**What to work on:** Write out all of the data without omission, exactly as shown.

**Material for this task:**
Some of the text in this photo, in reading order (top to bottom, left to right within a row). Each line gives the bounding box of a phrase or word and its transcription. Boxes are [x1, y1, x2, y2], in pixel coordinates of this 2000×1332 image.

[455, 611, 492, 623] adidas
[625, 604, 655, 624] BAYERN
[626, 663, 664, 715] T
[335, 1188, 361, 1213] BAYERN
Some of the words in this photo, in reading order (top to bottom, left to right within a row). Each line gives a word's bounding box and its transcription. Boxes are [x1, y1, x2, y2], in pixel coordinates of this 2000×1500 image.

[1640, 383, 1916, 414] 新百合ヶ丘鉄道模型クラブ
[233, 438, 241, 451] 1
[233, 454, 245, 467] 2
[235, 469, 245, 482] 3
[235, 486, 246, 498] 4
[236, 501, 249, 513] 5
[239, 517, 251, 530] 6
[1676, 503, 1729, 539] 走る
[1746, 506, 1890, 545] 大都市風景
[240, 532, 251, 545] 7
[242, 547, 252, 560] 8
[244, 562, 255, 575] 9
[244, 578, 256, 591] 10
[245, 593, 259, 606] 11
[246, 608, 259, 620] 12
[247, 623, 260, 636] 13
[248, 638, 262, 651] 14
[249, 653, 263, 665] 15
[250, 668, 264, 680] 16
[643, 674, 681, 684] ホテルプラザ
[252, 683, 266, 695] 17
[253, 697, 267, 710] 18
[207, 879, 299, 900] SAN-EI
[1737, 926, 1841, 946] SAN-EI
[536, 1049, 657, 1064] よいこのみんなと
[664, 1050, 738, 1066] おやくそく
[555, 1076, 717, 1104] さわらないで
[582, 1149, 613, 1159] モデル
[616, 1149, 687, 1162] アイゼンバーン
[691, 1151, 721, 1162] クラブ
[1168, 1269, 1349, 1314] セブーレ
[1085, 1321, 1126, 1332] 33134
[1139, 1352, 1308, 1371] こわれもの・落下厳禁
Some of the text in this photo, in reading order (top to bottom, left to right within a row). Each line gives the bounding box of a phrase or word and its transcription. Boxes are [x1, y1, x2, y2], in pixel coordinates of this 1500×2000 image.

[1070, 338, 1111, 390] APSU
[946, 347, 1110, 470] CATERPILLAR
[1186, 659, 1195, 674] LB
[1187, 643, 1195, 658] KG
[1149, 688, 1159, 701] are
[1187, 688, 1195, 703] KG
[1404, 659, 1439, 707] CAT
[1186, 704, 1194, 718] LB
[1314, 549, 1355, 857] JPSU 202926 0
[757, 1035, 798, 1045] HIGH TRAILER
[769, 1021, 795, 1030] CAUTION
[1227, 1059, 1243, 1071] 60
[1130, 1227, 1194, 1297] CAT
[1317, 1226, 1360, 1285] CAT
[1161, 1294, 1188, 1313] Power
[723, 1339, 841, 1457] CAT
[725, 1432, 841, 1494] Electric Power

**Exercise output:**
Some of the text in this photo, in reading order (top to bottom, left to right within a row). Each line gives the bounding box of a phrase or word and its transcription. Boxes are [x1, y1, x2, y2], in pixel coordinates of this 2000×1332 image.

[455, 611, 492, 623] adidas
[625, 604, 655, 624] BAYERN
[626, 663, 664, 715] T
[335, 1188, 361, 1213] BAYERN
Some of the words in this photo, in reading order (top to bottom, left to right within a row). Each line gives a word's bounding box and its transcription. Boxes are [x1, y1, x2, y2], in pixel coordinates of this 2000×1500 image.

[1640, 383, 1916, 414] 新百合ヶ丘鉄道模型クラブ
[233, 438, 241, 451] 1
[233, 454, 245, 467] 2
[235, 469, 245, 482] 3
[235, 486, 246, 498] 4
[236, 501, 249, 513] 5
[239, 517, 251, 530] 6
[1676, 503, 1729, 539] 走る
[1746, 506, 1890, 545] 大都市風景
[240, 532, 251, 545] 7
[242, 547, 252, 560] 8
[244, 562, 255, 575] 9
[244, 578, 256, 591] 10
[245, 593, 259, 606] 11
[246, 608, 259, 620] 12
[247, 623, 260, 636] 13
[248, 638, 262, 651] 14
[249, 653, 263, 665] 15
[250, 668, 264, 680] 16
[643, 674, 681, 684] ホテルプラザ
[252, 683, 266, 695] 17
[253, 697, 267, 710] 18
[207, 879, 299, 900] SAN-EI
[1737, 926, 1841, 946] SAN-EI
[536, 1049, 657, 1064] よいこのみんなと
[664, 1050, 738, 1066] おやくそく
[555, 1076, 717, 1104] さわらないで
[582, 1149, 613, 1159] モデル
[616, 1149, 687, 1162] アイゼンバーン
[691, 1151, 721, 1162] クラブ
[1168, 1269, 1349, 1314] セブーレ
[1085, 1321, 1126, 1332] 33134
[1139, 1352, 1308, 1371] こわれもの・落下厳禁
Some of the text in this photo, in reading order (top to bottom, left to right within a row). Each line gives the bounding box of a phrase or word and its transcription. Boxes are [x1, y1, x2, y2], in pixel coordinates of this 1500×2000 image.

[1070, 338, 1111, 390] APSU
[946, 347, 1110, 470] CATERPILLAR
[1186, 659, 1195, 674] LB
[1187, 643, 1195, 658] KG
[1149, 688, 1159, 701] are
[1187, 688, 1195, 703] KG
[1404, 659, 1439, 707] CAT
[1186, 704, 1194, 718] LB
[1314, 549, 1355, 857] JPSU 202926 0
[757, 1035, 798, 1045] HIGH TRAILER
[769, 1021, 795, 1030] CAUTION
[1227, 1059, 1243, 1071] 60
[1130, 1227, 1194, 1297] CAT
[1317, 1226, 1360, 1285] CAT
[1161, 1294, 1188, 1313] Power
[723, 1339, 841, 1457] CAT
[725, 1432, 841, 1494] Electric Power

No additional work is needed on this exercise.